I hope it affects evert interaction the rest of the year.

Saturday, September 6, 2014

Celebrate #Hashtags



Here I sit on Saturday morning, doing exactly what I dreamed about all week...

  • drinking more that one cup of coffee
  • watching The Today Show
  • snuggled in a blanket on a chilly Iowa morning
  • writing about celebrating my week


And this was one amazing wonderful week.

I don't really know why the start of this school year has gone so smoothly, why I'm enjoying the start of this year more than years past, but I am. Seems like I am celebrating daily!

My favorite celebrations came in hashtags this week...

#CWFierce
I try to come up with hashtags for each class. As I tweet out what we are doing in class, I have a hashtag we can use. It's mostly for our class, but parents catch on and so do other teachers.  #CWFierce is the hashtag we came up with for Creative Writing.



It's been quite active this week as we wrote 6 Word Memoirs and Twitter Memoirs this week in preparation for Expressive/Reflective writing.  Once kids got writing, there were many great words shared. Some kids don't have Twitter or they preferred to remain anonymous, so they wrote their memoirs down for me and I tweeted them.  They loved seeing their stories out in the world.

And then, my blogging community teachers asked if they could also use the hashtag for sharing out student work. Of course, I said yes.

So, please, follow our hashtag. The kids are (and will) sharing some amazing things.

#OMW1415
This is going to be a fun project for my 8th graders to participate in this year (I may get my writing kids doing this too). Out My Window is a creative project to help kids become more aware of the world around them. Each month there is a different theme for kids to write about, all while using the five themes of geography.  We've taken our pictures and started our poems. Look for the final products next week!



#BoysDontRead
Ever since I read Grasshopper Jungle and then Winger I have been a HUGE  fan of Andrew Smith. I followed him on Twitter (he followed me back!)  I followed him on Facebook (he followed me back again!). This week on Facebook, he told a story about meeting several adult non-fiction writers. They seemed to believe that boys don't read, especially boys don't read YA. All week, teachers have been writing and sending pictures to him of boys that read. So yesterday, during our ten minute reading time, I snapped a couple of pictures of football players reading in College Prep Lit.  I tweeted them out with our school hashtag (#2020HowardWinn, just in case you want to follow that one) and then, thought What the heck and I added Andrew's name to the tweet.

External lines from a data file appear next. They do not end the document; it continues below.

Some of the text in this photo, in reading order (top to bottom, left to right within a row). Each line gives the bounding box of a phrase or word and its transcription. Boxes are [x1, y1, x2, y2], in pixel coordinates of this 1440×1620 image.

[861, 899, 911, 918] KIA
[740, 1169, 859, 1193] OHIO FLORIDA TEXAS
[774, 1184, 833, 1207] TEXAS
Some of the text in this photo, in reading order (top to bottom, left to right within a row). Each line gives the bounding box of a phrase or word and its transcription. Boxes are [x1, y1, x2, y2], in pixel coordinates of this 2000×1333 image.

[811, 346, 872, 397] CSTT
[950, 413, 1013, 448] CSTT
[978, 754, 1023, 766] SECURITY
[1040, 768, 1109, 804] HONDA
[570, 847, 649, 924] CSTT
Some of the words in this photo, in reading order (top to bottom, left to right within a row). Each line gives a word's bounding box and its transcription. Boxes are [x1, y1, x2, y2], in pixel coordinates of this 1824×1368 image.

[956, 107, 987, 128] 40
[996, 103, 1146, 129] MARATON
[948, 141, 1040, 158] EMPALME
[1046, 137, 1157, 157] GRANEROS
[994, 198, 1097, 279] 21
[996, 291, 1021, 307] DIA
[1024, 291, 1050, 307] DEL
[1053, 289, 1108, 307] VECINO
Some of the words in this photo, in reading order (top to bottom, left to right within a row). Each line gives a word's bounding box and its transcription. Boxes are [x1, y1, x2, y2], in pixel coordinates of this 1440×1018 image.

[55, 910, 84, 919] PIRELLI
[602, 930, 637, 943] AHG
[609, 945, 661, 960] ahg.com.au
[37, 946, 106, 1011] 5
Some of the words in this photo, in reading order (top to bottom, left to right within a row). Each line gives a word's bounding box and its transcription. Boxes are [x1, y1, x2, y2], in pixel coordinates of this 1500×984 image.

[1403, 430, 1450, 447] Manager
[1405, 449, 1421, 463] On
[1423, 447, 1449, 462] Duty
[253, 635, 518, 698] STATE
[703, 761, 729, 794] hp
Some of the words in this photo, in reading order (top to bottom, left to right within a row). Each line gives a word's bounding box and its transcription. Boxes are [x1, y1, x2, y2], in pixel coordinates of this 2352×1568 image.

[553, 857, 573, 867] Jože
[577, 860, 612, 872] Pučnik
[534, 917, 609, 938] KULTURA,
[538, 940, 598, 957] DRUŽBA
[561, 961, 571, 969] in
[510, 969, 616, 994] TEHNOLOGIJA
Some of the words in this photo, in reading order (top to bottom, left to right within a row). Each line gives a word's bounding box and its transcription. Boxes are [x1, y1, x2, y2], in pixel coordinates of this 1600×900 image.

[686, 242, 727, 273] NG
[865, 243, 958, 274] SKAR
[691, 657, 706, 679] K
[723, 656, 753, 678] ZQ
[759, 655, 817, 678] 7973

This picture has taken on a life of it's own. It's been retweeted MANY times and Andrew put it on his Facebook page. How cool is that?  Well, the conversation on his page was pretty fun too. Especially after he said he should consider coming to Iowa and author Geoff Herbach jumped in. He visited my room last year and recognized it!


As I'm writing this, Andrew tweeted a promise to visit Iowa. I'm going to hold him to that :)

Well, that was my amazing wonderful week. How was yours?